**WHAT YOU ARE ASKED TO DO**
Any image found in the entries is to be skipped; the rest is returned word for word.

RECORD EXTRACTS START

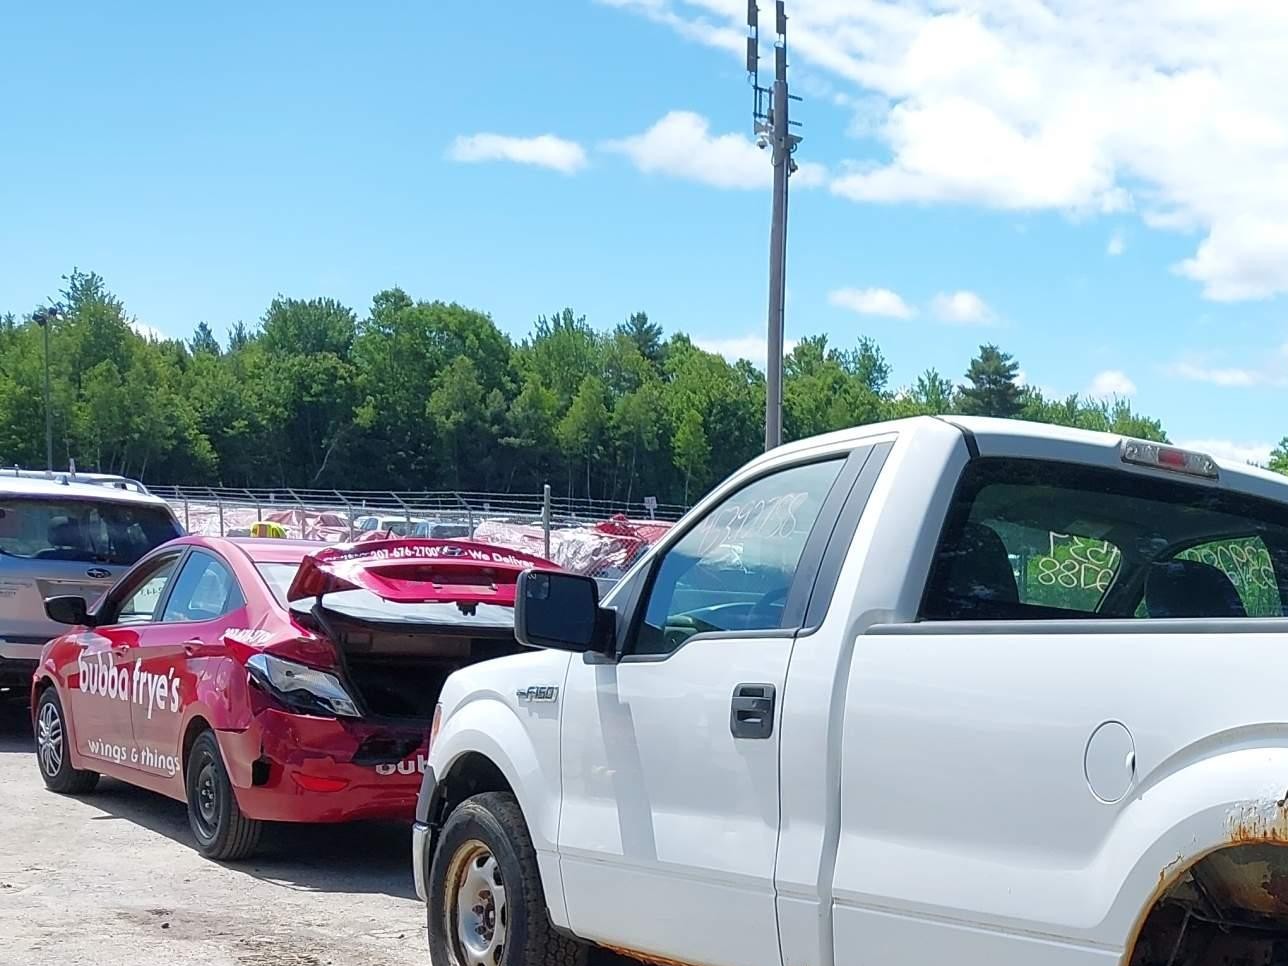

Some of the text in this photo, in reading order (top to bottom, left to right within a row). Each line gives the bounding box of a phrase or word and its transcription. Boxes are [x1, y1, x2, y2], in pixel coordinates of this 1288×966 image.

[469, 549, 491, 561] We
[78, 649, 180, 719] bubba frye's
[88, 738, 127, 763] wings
[141, 749, 181, 776] things
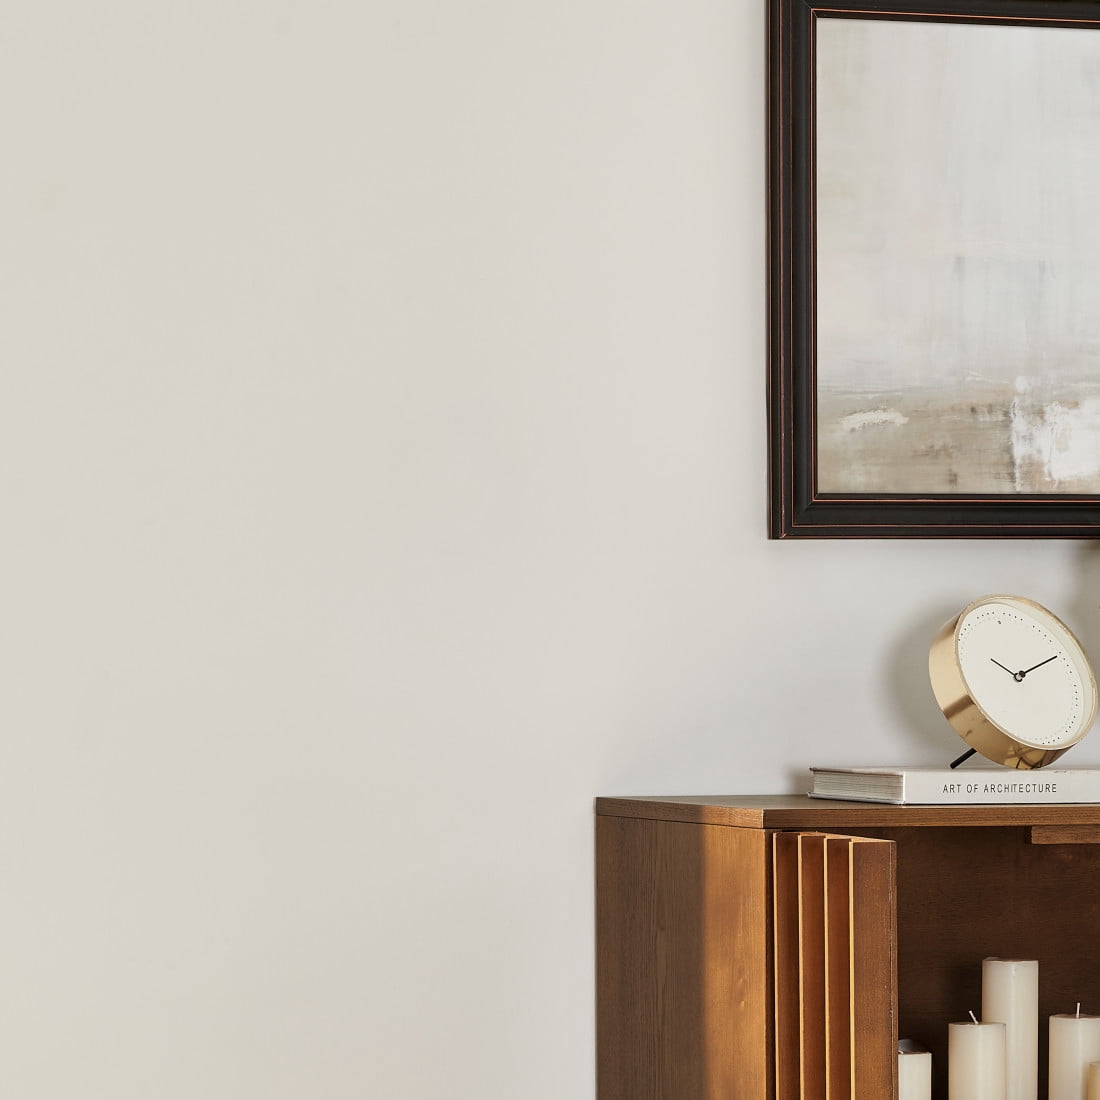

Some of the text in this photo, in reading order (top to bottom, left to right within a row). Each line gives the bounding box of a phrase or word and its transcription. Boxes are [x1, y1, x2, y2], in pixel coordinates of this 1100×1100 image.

RECORD EXTRACTS END

**SOLUTION TO THIS TASK**
Some of the text in this photo, in reading order (top to bottom, left to right within a row). Each line gives the bounding box of a phrase or word and its transcription. Boxes are [x1, y1, x2, y2], in pixel coordinates of this 1288×966 image.

[469, 549, 491, 561] We
[78, 649, 180, 719] bubba frye's
[88, 738, 127, 763] wings
[141, 749, 181, 776] things

Some of the text in this photo, in reading order (top to bottom, left to right within a row). Each line gives the bounding box of a phrase or word and its transcription. Boxes are [x1, y1, x2, y2], in pixel coordinates of this 1100×1100 image.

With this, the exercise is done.